Monday 11th September 2023: On Being a Neurodivergent Mentor Plus Book!

Hi everyone!

You’ve either been coming to this blog for a while now, in which case: welcome! I’m very happy to see you back. For the rest of you, you’ve probably found this blog via the QR-code on the side of my poster, at the Neurodiversity in Higher Education conference at the University of Bristol. Welcome! This poster is referring to my book, my first with Lived Places Publishing, based in Boston, Massachusetts, to be published sometime between late 2024 and 2025.

What?!?!? Another book?! You’ve just finished two, you idiot! Yes, this is book number 3, for those of you who’ve been following along. I know. It’s weird to be in my mid-thirties and be invited to do things by others, rather than having to beg and chase people for the privilege of not dying under capitalism. It won’t last forever, I know. But still, it’s good to get things out there. It’s exciting and a bit terrifying, frankly. But I’m on my way. The deadline for the book is the 31st of July 2024.

It’s got a big, long title, since the plan is for it to be used as a textbook at universities in the English-speaking world and a bulky title makes it easier to look up in university library systems. Yes I write textbooks now.

Why did Lived Places get in touch with me? I’m a UK-based DSA-funded mentor for autistic university students. As far as I’m aware, I’m the only actually autistic mentor working for the particular (though pretty monopolistic) company I work through. DSA, or Disability Student Allowance, is a pot of money accessible to all disabled students in England, with the intention of diminishing educational inequalities.

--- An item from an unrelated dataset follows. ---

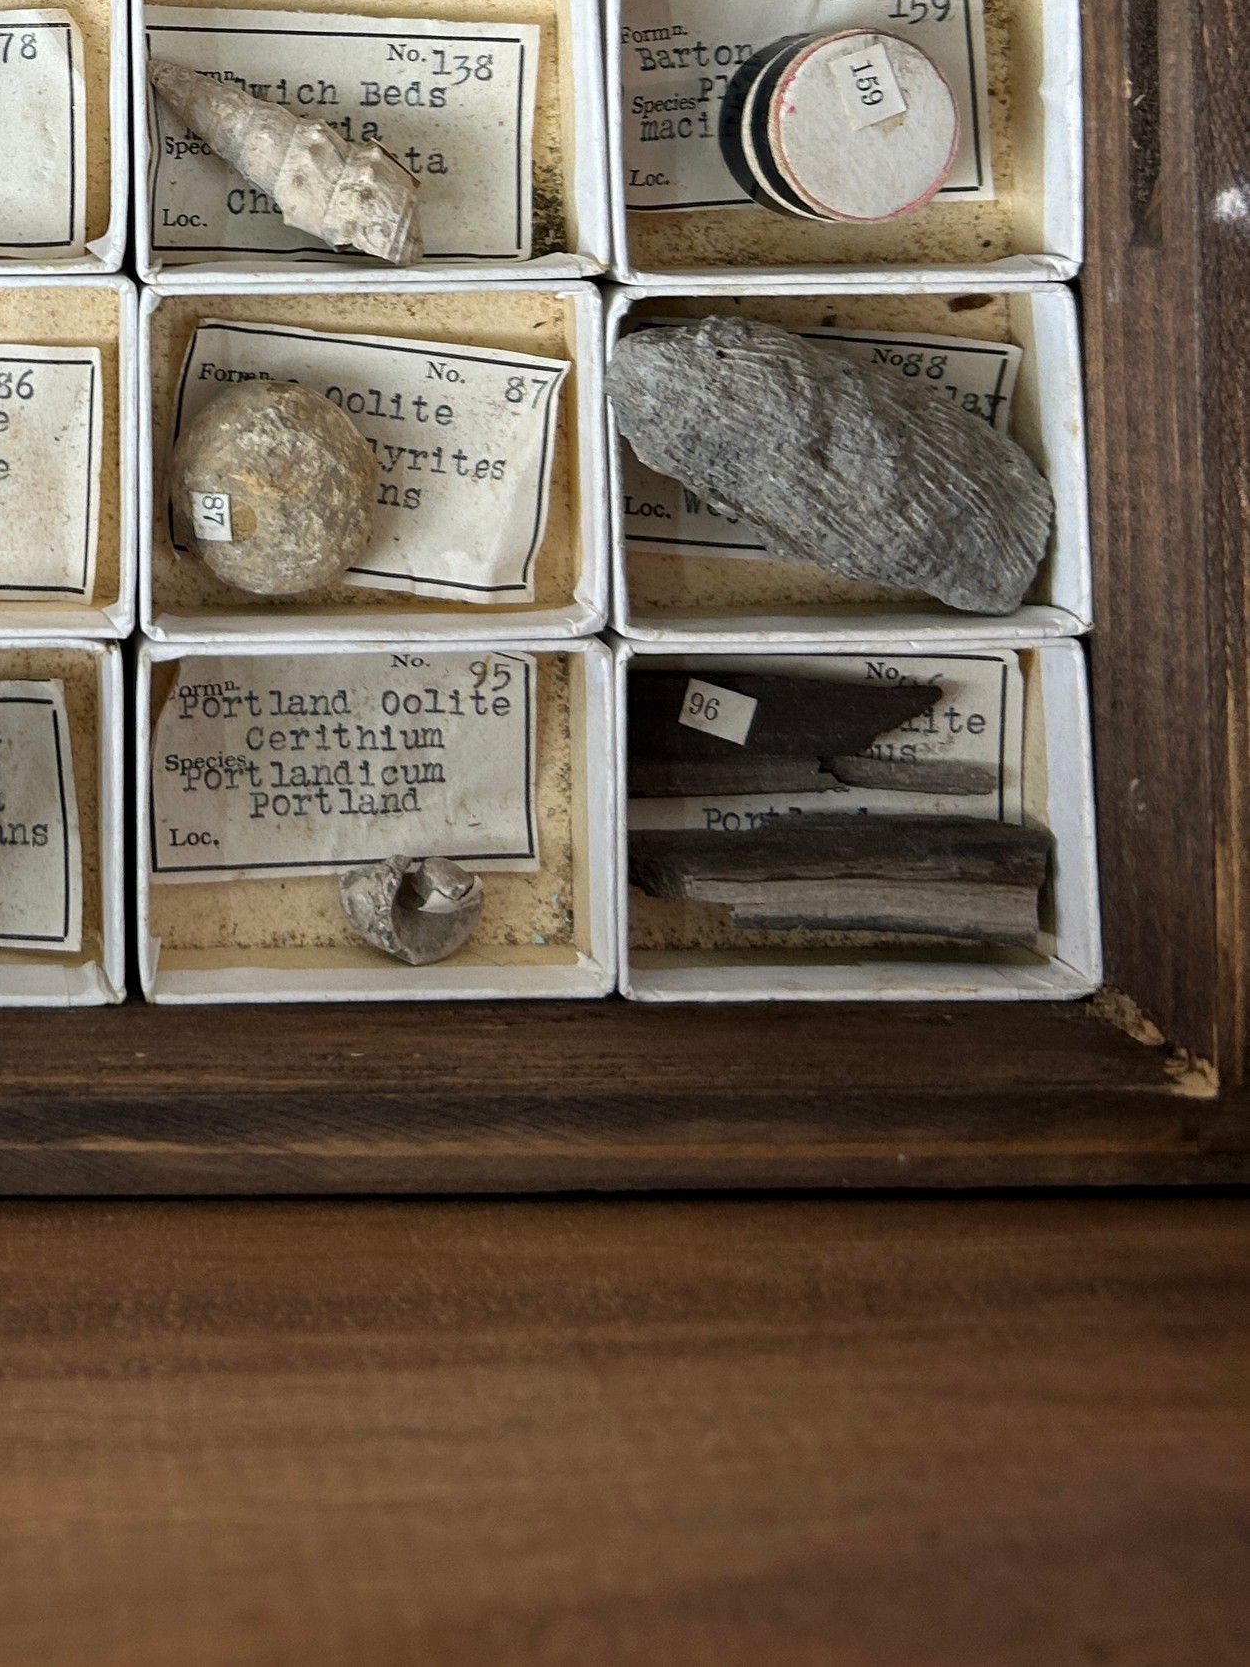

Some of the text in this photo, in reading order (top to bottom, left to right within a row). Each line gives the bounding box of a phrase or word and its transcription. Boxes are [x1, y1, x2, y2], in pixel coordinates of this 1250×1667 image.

That funding is accessible through Student Finance England and is paid out directly to the companies providing students with accessibility technology, with physical health support such as specialised furniture, accessibility software, study skills support or mentoring. The company I work through pays me as a self-employed worker. Therefore, I only get paid when I work.

I have been a mentor for autistic students unofficially since early 2018, when a former student got in touch with me in order to discuss his university time. I had to stop when things got too busy for both of us, especially since he lives in a different time zone to me. I didn’t start properly until 2021, though. I had been teaching for years by that point.

After leaving my final teaching job in early December 2020, I instead used my experience as a personal tutor to start teaching special educational needs students via alternative provision. The students I was working best with were autistic – obviously, because so am I. They didn’t have to mask in front of me. If I wanted to be any good, I couldn’t either.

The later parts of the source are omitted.